-- Problem statement --
Without skipping anything, write out each record below exactly.

Collection entries
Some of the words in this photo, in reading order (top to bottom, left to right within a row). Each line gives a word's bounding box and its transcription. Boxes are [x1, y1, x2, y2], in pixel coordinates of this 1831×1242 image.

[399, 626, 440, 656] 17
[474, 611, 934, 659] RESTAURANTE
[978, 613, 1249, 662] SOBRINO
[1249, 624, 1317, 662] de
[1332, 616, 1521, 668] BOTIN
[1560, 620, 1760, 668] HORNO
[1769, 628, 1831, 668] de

-- Output for this task --
Some of the words in this photo, in reading order (top to bottom, left to right within a row). Each line gives a word's bounding box and its transcription. Boxes are [x1, y1, x2, y2], in pixel coordinates of this 1831×1242 image.

[399, 626, 440, 656] 17
[474, 611, 934, 659] RESTAURANTE
[978, 613, 1249, 662] SOBRINO
[1249, 624, 1317, 662] de
[1332, 616, 1521, 668] BOTIN
[1560, 620, 1760, 668] HORNO
[1769, 628, 1831, 668] de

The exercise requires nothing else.